Me too, K. Me too...


Gwendolyn said...

I am so sorry to hear of your loss. 32 years ago at the age of 12 I lost my Dad in a very similar fashion. I try to remember that when someone you love becomes a memory. The memory becomes a treasure. Love to you and your family.

Carolyn said...

How heartbreaking. Your love for him will never end and will become a treasured memory. I can't imagine what you're going through. My prayers are with you and your family.

Bridget said...

I am so sorry. You have become one of us. the adults who have lost a parent. There is no going back to the family as you once were. Grief is funny and I still find myself crying for my dad but...Your dad sounds like a wonderful person and you can be glad that you are who you are because of him.

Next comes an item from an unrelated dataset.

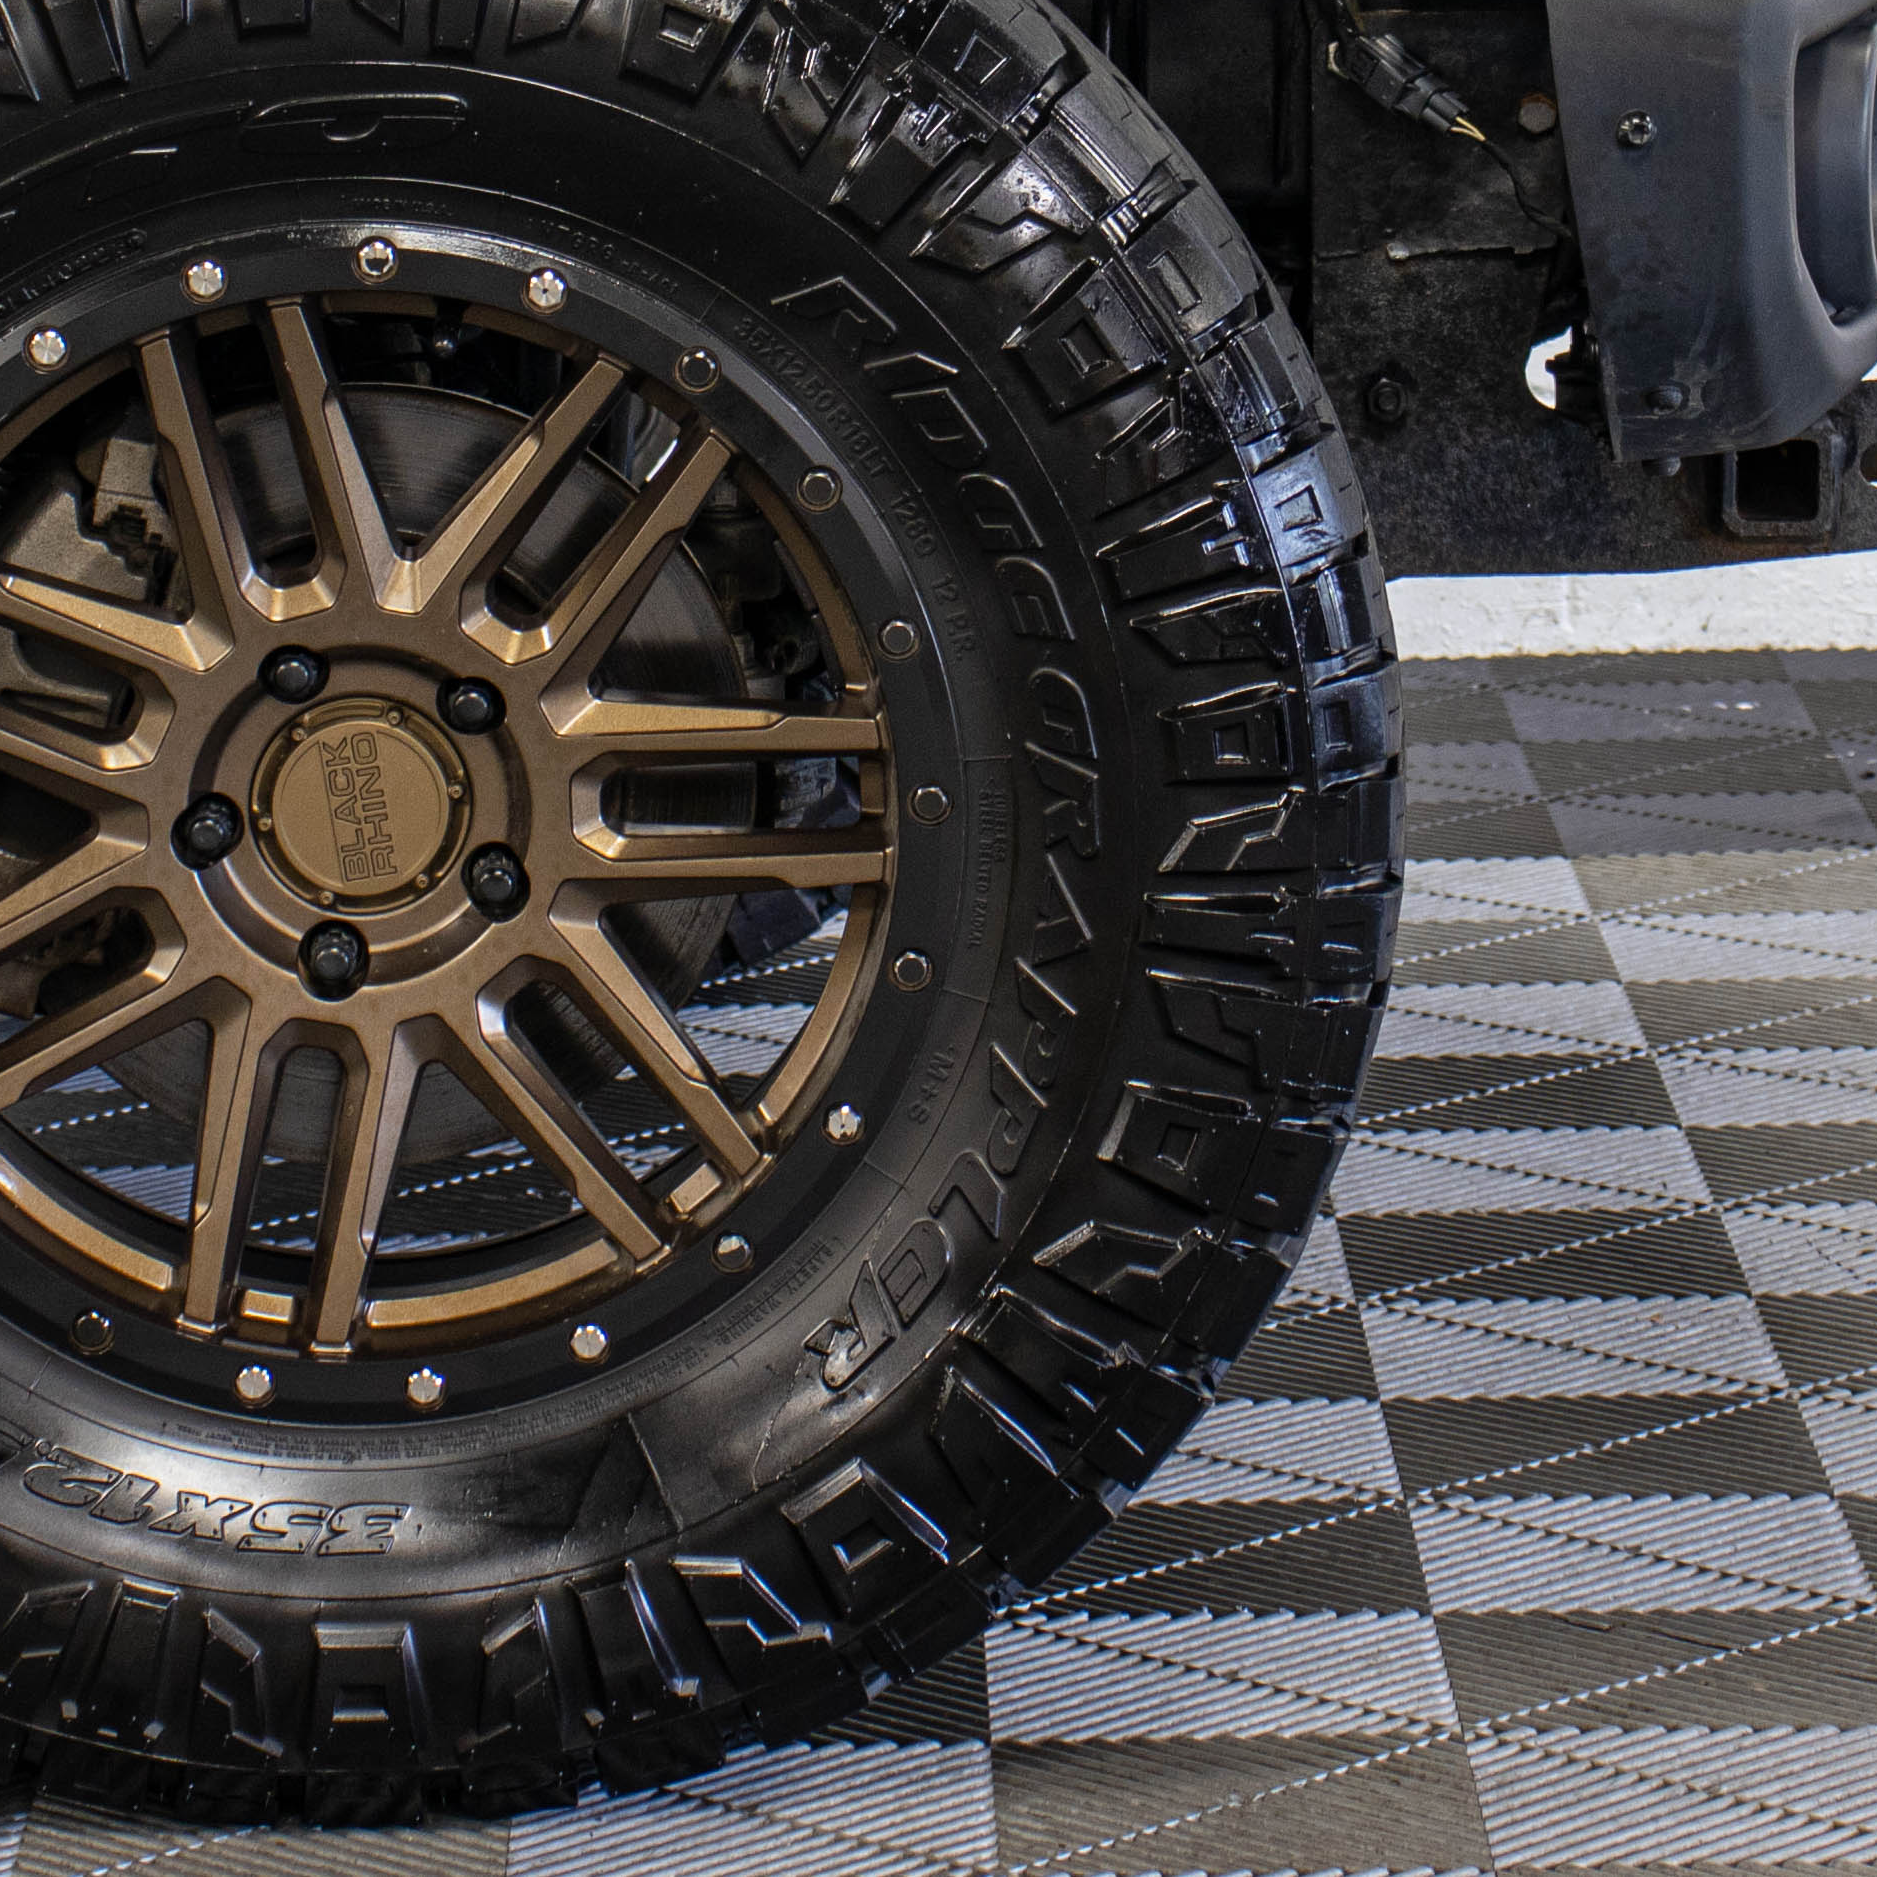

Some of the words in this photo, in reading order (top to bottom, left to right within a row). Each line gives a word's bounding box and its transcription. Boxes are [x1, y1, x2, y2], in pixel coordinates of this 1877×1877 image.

I am so thankful for the dad I lost and the things he taught me about life that I have been able to teach to my children. I am willing to bet what you learned from your dad you have passed on to the children you teach. that is a good thing.

Jill said...

Oh Liz, my heart aches for you. I lost my dad 7.5 years ago. Isn’t a day I don’t still need his advice and wit. My thoughts are with you, may you find comfort in memories of a life well lived and deeply loved.

Liz said...

Gwendolyn, Carolyn, Bridget and Jill,

Thank you for your kids words of support. It means the world to me.


msumissa said...

I am so sorry for your loss. I am so happy he had the chance to have a great meal with his grandchildren. Peace be with you and your healing journey. How amazing that he is still teaching in death. I am sure it will lead to great doctors!